I'm folding baby clothes. The last thing on earth I want to be doing. I hate being a mom. My first biggest mistake was getting married. And no, not just cause of who I married. I shouldn't have married anyone, at all. My second biggest mistake was having kids. I'm not a baby person. Not really a kid person in general. Sure other people's kids I can tolerate. I get to see them for a little then they go away. If it weren't for his great desire to have kids we may not have any right now. I don't know why he wanted any in the first place. He cheated on me both times I was pregnant. Good grief. What was the point?
I'm going crazy. He doesn't believe me. Will he believe me after someone turns me in when they hear me screaming at the top of my lungs through our open windows? Will he believe me when he comes home to find our child's eyes bright red because he has been crying all day? He can't seem to do anything right for mom. Will he believe me after our child starts talking and tells him that he was locked in his room? He thinks I'm overreacting or exaggerating. I'm not. I feel awful, but what can I do? The one person I feel comfortable with telling half of the truth won't listen to even that.

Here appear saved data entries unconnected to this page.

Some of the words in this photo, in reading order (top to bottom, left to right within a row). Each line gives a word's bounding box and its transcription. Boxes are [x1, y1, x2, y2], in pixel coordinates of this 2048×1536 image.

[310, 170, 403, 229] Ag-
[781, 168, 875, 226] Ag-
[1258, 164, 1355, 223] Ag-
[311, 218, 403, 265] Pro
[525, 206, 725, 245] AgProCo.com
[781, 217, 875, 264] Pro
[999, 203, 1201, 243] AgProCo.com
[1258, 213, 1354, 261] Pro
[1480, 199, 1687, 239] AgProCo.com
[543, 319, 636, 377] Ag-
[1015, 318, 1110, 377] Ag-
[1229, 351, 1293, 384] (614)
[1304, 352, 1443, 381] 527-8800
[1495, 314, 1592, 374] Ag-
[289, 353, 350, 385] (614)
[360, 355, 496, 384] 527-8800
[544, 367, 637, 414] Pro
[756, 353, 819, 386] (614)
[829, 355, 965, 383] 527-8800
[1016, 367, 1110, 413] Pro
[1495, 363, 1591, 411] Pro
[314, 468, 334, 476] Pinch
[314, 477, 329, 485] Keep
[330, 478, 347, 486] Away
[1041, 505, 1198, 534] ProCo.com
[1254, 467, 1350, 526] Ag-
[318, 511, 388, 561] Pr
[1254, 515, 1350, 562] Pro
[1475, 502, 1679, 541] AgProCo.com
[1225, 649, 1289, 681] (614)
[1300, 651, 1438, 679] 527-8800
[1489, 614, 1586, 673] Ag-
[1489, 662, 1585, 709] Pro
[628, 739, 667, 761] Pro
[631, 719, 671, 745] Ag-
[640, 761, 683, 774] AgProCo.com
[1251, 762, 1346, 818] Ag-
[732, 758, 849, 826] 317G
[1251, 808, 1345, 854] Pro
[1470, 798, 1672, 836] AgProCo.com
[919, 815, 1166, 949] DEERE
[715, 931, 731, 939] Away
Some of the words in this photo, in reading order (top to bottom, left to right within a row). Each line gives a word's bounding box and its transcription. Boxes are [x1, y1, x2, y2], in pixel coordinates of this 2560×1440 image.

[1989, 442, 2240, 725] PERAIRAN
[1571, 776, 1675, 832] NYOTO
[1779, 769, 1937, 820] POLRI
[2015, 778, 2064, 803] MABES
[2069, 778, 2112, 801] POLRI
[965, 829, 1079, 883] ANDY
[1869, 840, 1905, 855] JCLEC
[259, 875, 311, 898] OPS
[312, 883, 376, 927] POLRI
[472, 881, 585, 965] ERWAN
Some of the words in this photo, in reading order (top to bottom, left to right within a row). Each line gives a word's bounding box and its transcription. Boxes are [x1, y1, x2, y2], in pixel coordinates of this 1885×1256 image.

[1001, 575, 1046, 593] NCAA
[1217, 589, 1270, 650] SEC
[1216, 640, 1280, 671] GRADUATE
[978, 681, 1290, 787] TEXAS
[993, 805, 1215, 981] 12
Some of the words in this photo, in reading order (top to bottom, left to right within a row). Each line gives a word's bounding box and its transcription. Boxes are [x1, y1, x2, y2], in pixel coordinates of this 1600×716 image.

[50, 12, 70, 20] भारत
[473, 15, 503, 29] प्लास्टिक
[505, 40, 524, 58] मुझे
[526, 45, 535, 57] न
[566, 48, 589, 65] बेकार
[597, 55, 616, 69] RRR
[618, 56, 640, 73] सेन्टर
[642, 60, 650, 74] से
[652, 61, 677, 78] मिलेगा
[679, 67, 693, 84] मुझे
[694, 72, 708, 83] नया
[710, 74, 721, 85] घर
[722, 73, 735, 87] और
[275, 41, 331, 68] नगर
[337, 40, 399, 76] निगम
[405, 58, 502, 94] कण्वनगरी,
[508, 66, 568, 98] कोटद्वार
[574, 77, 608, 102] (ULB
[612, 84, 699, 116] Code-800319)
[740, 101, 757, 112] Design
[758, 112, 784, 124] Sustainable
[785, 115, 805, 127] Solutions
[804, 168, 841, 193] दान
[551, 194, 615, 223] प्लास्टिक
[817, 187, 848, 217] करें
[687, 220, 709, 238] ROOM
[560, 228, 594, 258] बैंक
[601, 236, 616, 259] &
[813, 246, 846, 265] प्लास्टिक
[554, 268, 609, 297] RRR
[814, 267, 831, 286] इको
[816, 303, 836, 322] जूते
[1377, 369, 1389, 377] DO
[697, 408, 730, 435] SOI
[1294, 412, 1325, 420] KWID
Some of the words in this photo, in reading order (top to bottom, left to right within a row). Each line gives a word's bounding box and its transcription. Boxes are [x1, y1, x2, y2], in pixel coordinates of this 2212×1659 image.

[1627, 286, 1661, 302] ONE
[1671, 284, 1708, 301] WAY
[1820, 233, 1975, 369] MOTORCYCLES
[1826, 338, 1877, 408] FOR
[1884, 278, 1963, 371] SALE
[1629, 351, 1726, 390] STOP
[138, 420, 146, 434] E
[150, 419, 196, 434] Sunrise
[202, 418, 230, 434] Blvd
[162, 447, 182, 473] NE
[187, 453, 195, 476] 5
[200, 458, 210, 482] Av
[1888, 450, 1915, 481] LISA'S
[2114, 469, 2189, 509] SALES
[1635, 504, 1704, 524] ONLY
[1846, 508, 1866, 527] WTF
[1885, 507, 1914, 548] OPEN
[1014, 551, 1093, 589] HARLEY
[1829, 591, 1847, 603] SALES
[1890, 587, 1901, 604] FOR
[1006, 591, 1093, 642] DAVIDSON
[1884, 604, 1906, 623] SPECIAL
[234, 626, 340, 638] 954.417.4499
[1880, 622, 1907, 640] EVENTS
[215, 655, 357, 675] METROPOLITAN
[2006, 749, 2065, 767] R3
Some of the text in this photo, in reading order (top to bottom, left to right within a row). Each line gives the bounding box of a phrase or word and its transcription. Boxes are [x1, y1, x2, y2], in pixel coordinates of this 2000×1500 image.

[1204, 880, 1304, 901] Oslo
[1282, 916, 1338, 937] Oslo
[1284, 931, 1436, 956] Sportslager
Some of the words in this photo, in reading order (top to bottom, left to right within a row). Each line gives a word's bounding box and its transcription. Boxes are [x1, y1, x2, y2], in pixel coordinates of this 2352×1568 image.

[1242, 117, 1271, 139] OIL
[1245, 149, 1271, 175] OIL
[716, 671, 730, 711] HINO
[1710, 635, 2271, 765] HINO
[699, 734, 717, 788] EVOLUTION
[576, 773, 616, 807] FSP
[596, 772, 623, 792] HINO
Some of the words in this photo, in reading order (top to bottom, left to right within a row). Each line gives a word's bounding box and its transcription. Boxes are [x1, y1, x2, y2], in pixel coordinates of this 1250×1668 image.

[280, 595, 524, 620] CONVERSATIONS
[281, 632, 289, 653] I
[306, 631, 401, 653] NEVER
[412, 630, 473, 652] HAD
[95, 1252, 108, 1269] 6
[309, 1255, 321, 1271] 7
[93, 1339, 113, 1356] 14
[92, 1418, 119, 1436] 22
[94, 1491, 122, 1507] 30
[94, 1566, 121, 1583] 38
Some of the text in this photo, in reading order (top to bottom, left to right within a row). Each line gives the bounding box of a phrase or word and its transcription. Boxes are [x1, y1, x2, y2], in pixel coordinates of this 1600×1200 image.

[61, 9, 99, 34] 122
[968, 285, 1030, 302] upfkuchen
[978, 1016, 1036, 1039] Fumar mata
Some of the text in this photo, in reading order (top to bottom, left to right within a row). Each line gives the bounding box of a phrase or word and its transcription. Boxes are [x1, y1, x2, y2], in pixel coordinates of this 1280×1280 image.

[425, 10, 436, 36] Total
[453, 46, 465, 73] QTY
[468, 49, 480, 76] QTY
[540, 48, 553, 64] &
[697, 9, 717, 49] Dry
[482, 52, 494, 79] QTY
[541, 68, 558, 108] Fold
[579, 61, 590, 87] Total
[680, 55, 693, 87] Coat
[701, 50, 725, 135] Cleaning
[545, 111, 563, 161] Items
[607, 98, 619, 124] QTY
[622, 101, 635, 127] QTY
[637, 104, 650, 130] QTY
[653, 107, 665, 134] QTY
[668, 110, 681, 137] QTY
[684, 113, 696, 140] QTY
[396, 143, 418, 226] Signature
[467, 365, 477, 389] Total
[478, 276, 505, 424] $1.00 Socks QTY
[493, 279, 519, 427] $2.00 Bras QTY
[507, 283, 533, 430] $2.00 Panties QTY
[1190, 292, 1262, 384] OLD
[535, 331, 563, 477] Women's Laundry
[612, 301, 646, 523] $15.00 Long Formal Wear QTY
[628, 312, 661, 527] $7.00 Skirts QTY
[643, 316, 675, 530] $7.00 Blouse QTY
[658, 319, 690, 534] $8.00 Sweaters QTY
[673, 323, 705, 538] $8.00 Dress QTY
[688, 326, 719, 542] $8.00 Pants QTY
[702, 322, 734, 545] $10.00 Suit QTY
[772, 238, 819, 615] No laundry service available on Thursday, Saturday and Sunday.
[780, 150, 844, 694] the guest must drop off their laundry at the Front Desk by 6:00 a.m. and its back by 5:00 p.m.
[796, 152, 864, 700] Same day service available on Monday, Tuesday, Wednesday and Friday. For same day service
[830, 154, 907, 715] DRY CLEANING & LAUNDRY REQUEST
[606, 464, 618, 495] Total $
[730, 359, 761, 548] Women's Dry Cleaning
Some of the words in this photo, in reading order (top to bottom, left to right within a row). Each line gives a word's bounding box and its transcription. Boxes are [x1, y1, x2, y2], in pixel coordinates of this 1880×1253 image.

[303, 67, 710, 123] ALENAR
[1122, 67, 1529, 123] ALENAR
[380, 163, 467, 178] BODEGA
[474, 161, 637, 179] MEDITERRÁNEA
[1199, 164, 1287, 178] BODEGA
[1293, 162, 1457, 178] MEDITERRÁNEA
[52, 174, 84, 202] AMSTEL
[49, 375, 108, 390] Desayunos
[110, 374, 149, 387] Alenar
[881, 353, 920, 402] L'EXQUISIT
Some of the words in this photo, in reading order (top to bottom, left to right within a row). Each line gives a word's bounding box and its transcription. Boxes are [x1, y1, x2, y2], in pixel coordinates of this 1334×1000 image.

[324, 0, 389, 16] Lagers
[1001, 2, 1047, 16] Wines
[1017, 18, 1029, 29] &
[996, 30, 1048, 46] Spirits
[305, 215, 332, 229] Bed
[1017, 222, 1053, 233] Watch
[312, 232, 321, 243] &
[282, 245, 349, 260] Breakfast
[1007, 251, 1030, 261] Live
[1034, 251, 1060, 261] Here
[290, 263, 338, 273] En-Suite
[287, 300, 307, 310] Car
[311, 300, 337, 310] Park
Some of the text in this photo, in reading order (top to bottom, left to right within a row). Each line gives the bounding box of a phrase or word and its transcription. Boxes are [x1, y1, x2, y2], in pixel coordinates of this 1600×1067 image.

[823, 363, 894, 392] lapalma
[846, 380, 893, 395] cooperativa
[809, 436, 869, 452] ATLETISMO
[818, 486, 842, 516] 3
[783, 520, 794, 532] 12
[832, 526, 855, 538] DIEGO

I don't want to be a mom. I want to be able to work part time and keep my house nice. Get the laundry, dishes, and bathroom cleaned whenever I want. I want to be skinny again. I want to be able to wear my nice junior sized clothes that fit. I hate my stretch marks and my fat tummy. Sure big boobs are a plus but I don't plan on breast feeding my whole life! I want to be able to go away whenever. Plan long road trips ( I loved to travel before kids). Save up money each month. Sleep in on the weekends. I want to live my life my way, not my kids' way.
I wish I could get some help, but in order to have help I need to tell someone the truth and actually have them believe me.
I do love my kids. I wish now I wouldn't have had them. I brought them into a crazy messed up marriage. I don't abuse them. I just get so aggravated and have days when I wouldn't think it impossible to. I've felt so awful every since CJ has been born. Stress is a killer. I just wish I could die.
April... I don't know how u feel... Because doctors said I can't conceive... So I can't tell u how and how not to feel. Everyone has their off days but God chose u to be a wife and a mother to Jr and cj. God has a special plan for ur life... Just keep ur head up.
ReplyDeleteThanks for the encouragement. My husband always says to think about our friends that can't have kids and how much she would wish to be a mom. I know I'm not being grateful. I hate these awful feelings. I'm pretty sure they are the baby blues. I felt this way with JR and it went away when he was about 6mo. I do agree with God having a special plan. I just wish it wasn't so painful. But that is how I grow, right? :) Thanks again. I feel so alone sometimes with my feelings and thoughts but knowing there are those out there reading with me helps:)
DeleteGod uses our lowest moments to show us how much he loves us. I will be praying for u. Just don't give up.